Enter the Model Context Protocol, or MCP for short, a protocol that allows AI models to use tools to take action.

What is a Model Context Protocol?

The Model Context Protocol is an open standard that enables developers to build secure, two-way connections between their data sources and AI-powered tools. The architecture is straightforward: developers can either expose their data through MCP servers or build AI applications (MCP clients) that connect to these servers. - Anthropic

MCP is an open protocol that standardizes how applications provide context to LLMs. Think of MCP like a USB-C port for AI applications. Just as USB-C provides a standardized way to connect your devices to various peripherals and accessories, MCP provides a standardized way to connect AI models to different data sources and tools. - MCP

What’s the Value of MCP?

…for our example application, MCP would potentially reduce our workload because we wouldn’t need to write three custom AI integrations. Instead, we’d need only write the weather server once, then deploy to interact with all MCP-compatible clients. - Willow Tree

Instead of maintaining separate connectors for each data source, developers can now build against a standard protocol. As the ecosystem matures, AI systems will maintain context as they move between different tools and datasets, replacing today’s fragmented integrations with a more sustainable architecture. - Dappier

MCP addresses these and other issues:

  • Models have specific cut-off dates beyond which they cannot provide reliable information, limiting their response to knowledge available up to their cut-off date and requiring transparent acknowledgement of these limitations.
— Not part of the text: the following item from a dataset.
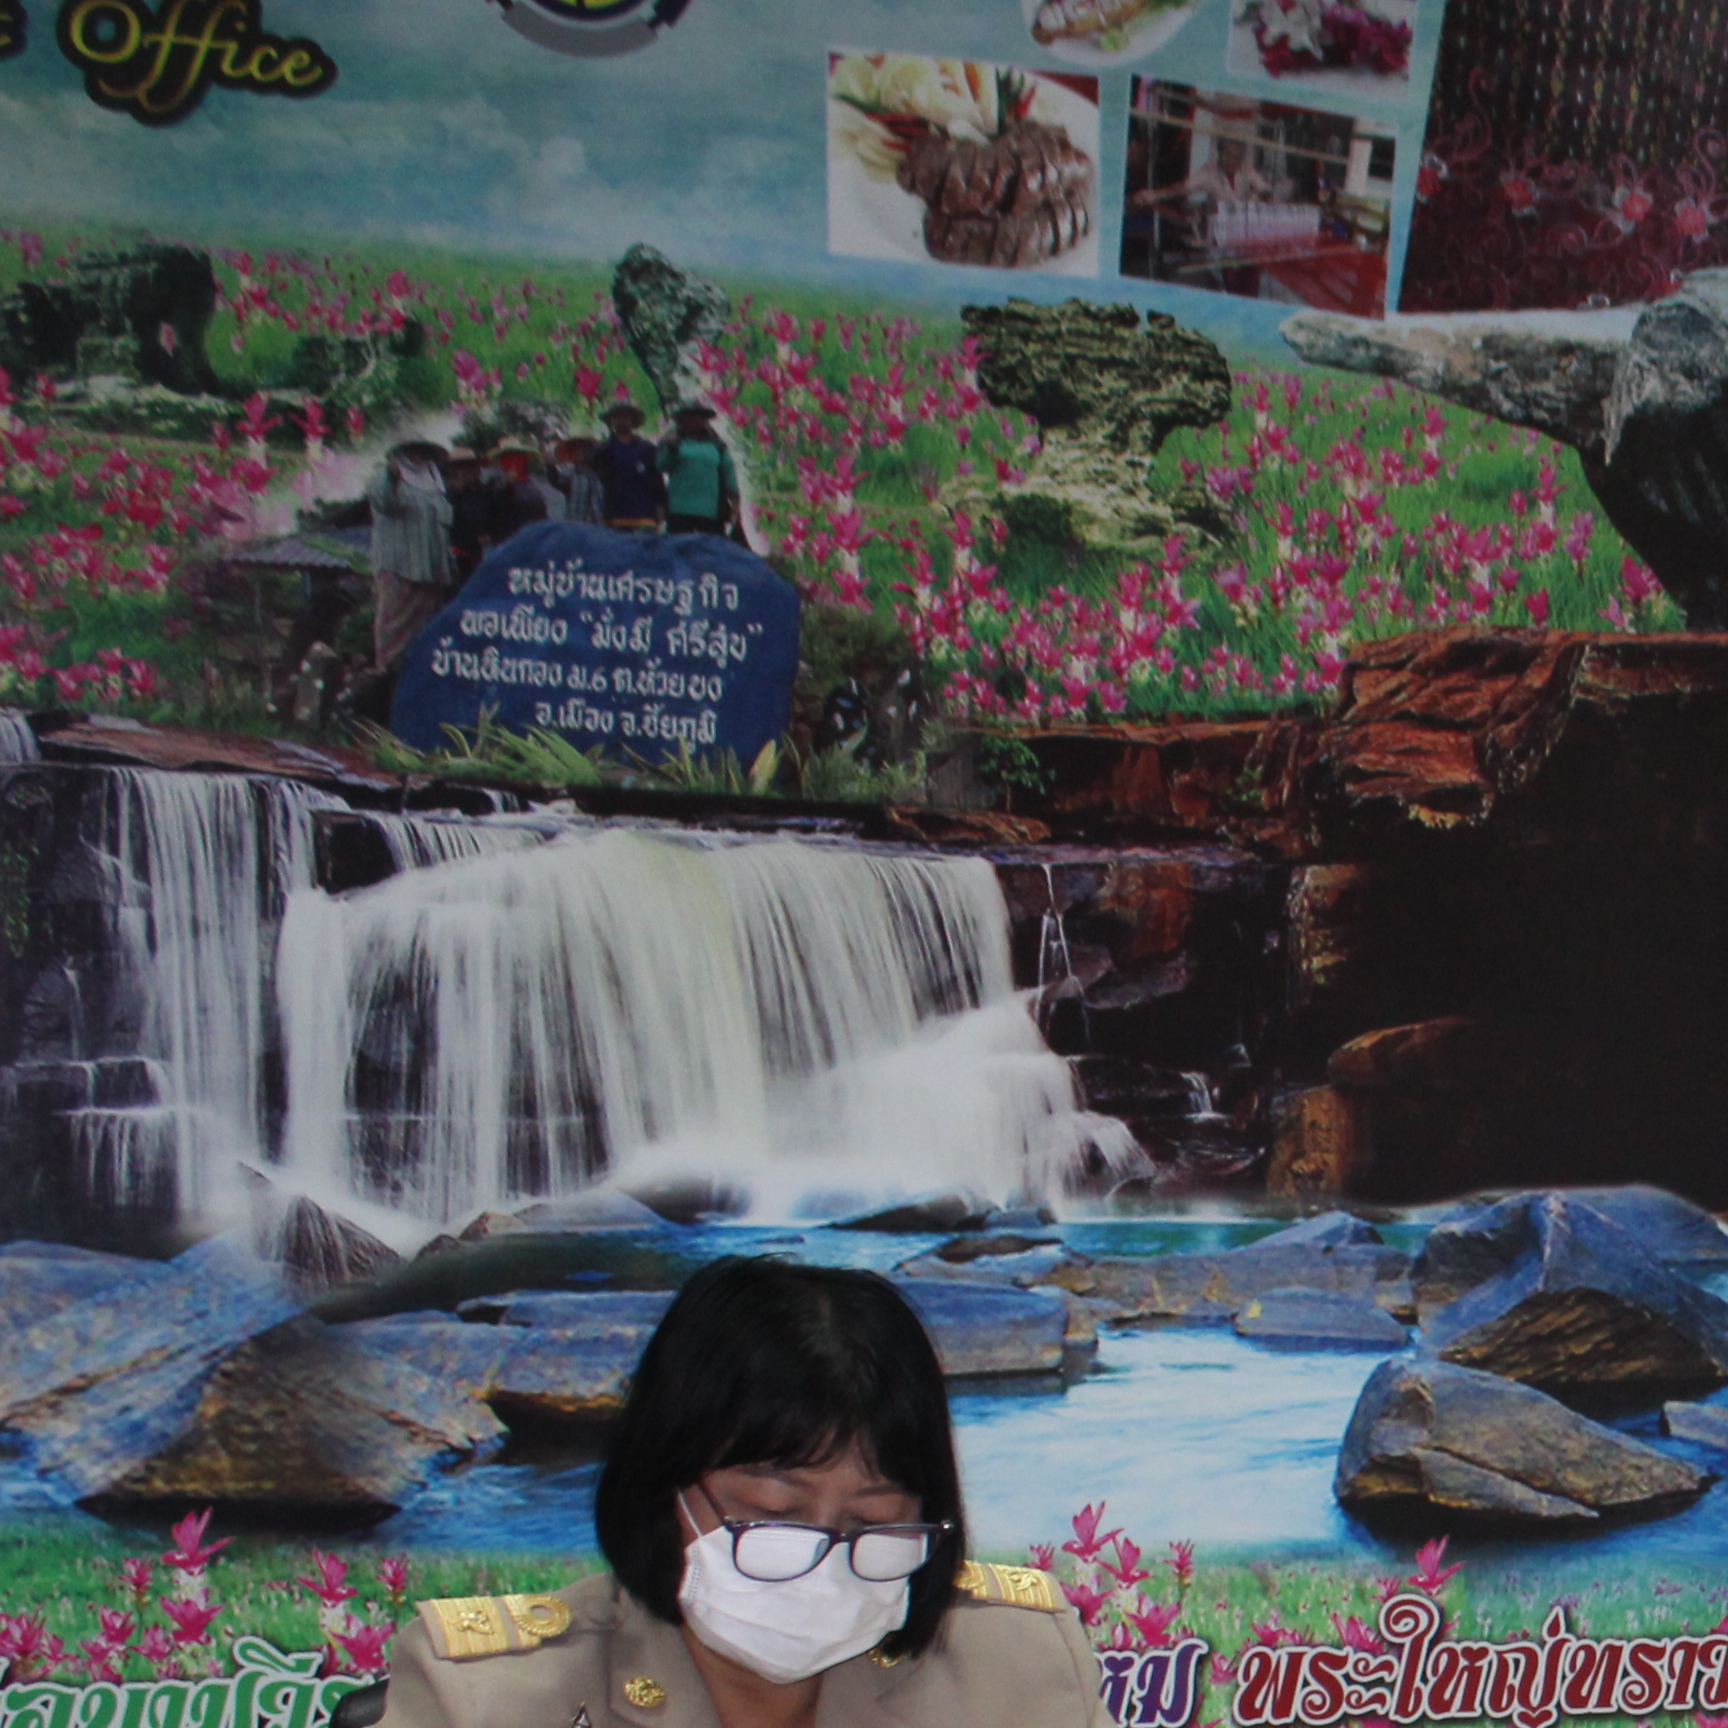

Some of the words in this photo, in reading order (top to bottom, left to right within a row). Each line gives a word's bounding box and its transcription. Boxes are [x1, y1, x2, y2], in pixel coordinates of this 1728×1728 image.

[68, 0, 323, 113] Office
[460, 603, 568, 646] พอเพียง
[534, 697, 614, 733] อ.เมือง
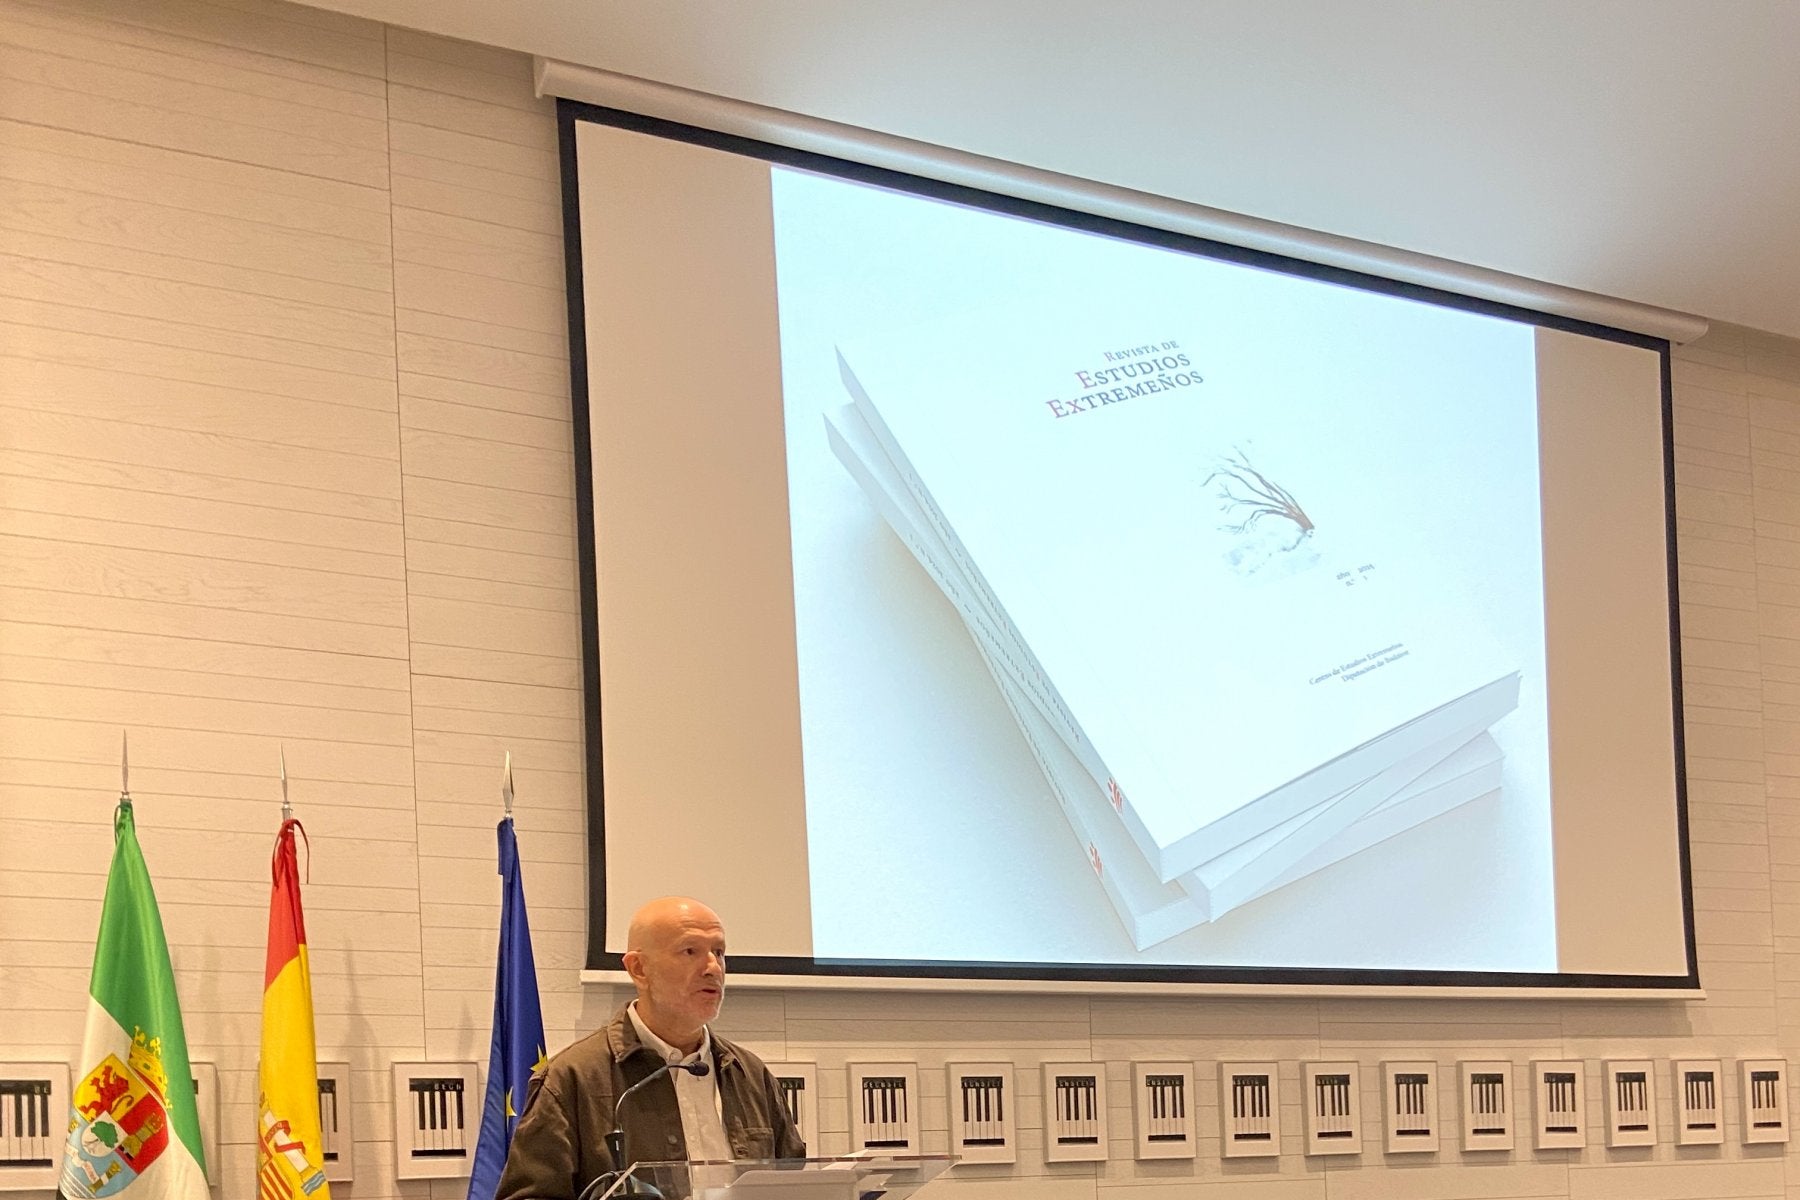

  • Models often don’t have access to real-time data. All responses must be generated solely from information within the model’s training data or context window, without the ability to verify online information or validate sources in real time.

  • Lack of agentic capabilities. On their own, models are not capable of taking any action other than providing a textual response. Without MCP, or something similar, models are unable to take the actions we need to make them useful.

Current Limitations: Local Only, Require Approval

Right now, MCP is only supported locally - servers must run on your own machine. But we’re building remote server support with enterprise-grade auth, so teams can securely share their context sources across their organization. - Alex Albert

Crucially, as of today, 3 March 2025, MCP “servers” can really only be used locally! Certainly there are some qualifications there, but for a remote server (which, frankly, is what I consider a server in this context) to be useful, it must be able to authenticate requests from the LLM client. But this is currently not completely practical, there is a draft specification for it though, so I expect improvements soon! Then again, if we think about this as a purely plugin based system, then it is maybe not such a major limitation, we just need to install the plugins from where ever the tool/agent is running.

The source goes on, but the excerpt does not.